"But did you?" he almost shrieked, the blood cording and bulging red, as if about to burst the veins of temples and neck.

"Yes, I did," she flashed. There was primitive woman uppermost in her now, and a spirit no man might provoke with impunity.

"You love him?" he asked, very low, incredulously, with almost insane eagerness for denial in his query.

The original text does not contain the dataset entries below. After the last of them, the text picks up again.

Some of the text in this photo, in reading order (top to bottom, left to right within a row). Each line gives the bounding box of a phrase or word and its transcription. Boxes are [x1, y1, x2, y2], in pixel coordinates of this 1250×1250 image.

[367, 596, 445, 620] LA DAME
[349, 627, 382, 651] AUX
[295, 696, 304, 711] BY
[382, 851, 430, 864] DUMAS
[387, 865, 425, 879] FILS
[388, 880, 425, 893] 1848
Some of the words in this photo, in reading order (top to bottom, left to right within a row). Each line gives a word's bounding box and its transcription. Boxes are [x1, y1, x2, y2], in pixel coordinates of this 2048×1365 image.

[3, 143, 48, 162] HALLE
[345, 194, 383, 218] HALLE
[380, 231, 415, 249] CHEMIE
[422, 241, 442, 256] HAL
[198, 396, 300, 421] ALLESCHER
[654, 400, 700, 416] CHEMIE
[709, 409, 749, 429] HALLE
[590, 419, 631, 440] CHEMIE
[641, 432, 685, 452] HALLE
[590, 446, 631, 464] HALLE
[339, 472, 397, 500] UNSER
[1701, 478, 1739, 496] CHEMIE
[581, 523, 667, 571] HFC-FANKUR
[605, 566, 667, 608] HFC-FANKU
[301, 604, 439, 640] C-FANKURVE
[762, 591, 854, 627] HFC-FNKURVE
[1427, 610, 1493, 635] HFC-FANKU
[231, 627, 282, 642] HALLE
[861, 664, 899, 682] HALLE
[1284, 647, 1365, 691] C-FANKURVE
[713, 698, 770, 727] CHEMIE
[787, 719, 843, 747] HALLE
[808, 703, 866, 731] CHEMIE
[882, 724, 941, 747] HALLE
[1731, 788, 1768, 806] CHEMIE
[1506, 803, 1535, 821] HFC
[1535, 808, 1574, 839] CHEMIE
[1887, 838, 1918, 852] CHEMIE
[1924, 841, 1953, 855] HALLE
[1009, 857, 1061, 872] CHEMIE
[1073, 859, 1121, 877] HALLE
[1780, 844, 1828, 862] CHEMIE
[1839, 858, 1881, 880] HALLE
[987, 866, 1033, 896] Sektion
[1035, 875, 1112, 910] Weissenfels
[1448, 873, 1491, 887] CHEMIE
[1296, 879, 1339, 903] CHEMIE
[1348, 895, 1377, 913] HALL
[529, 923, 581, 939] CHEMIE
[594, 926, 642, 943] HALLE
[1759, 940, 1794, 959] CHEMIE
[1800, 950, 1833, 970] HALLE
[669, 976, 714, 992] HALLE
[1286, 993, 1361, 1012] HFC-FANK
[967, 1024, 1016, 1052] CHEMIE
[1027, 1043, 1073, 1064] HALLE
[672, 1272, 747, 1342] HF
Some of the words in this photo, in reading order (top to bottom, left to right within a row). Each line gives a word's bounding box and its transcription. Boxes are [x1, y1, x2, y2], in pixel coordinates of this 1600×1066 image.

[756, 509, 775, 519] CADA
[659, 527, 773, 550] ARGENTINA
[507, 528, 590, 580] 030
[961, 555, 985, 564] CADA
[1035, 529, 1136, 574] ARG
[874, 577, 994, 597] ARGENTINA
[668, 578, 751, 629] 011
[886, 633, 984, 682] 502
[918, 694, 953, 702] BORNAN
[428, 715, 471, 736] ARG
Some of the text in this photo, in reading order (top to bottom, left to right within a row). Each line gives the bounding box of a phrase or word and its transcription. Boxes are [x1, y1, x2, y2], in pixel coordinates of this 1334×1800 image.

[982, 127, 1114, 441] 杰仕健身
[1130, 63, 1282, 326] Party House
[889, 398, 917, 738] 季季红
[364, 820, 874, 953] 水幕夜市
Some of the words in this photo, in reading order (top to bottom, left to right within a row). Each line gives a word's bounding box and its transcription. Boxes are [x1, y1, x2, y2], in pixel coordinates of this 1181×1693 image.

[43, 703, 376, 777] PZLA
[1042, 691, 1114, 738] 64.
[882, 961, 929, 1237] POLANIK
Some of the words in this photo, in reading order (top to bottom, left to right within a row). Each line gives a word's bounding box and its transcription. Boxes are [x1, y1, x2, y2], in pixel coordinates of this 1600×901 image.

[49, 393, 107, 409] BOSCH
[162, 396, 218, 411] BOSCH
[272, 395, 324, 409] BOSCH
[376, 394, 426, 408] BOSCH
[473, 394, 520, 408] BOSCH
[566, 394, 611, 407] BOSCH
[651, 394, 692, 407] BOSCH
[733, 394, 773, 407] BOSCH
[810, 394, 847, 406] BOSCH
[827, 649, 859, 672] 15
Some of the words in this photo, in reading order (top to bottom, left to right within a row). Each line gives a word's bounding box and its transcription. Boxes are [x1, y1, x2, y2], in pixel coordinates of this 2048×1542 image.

Then Wade saw the glory of her--saw her mother again in that proud, fierce uplift of face, that flamed red and then blazed white--saw hate and passion and love in all their primal nakedness.

"Love him! Love Wilson Moore? Yes, you fool! I love him! Yes! Yes! YES!"

That voice would have pierced the heart of a wooden image, so Wade thought, as all his strung nerves quivered and thrilled.

Belllounds uttered a low cry of realization, and all his instinctive energy seemed on the verge of collapse. He grew limp, he sagged, he tottered. His sensorial perceptions seemed momentarily blunted.

Wade divined the tragedy, and a pang of great compassion overcame him. Whatever Jack Belllounds was in character, he had inherited his father's power to love, and he was human. Wade felt the death in that stricken soul, and it was the last flash of pity he ever had for Jack Belllounds.

"You--you--" muttered Belllounds, raising a hand that gathered speed and strength in the action. The moment of a great blow had passed, like a storm-blast through a leafless tree. Now the thousand devils of his nature leaped into ascendancy. "You!--" He could not articulate. Dark and terrible became his energy. It was like a resistless current forced through leaping thought and leaping muscle.

He struck her on the mouth, a cruel blow that would have felled her but for Wade: and then he lunged away, bowed and trembling, yet with fierce, instinctive motion, as if driven to run with the spirit of his rage.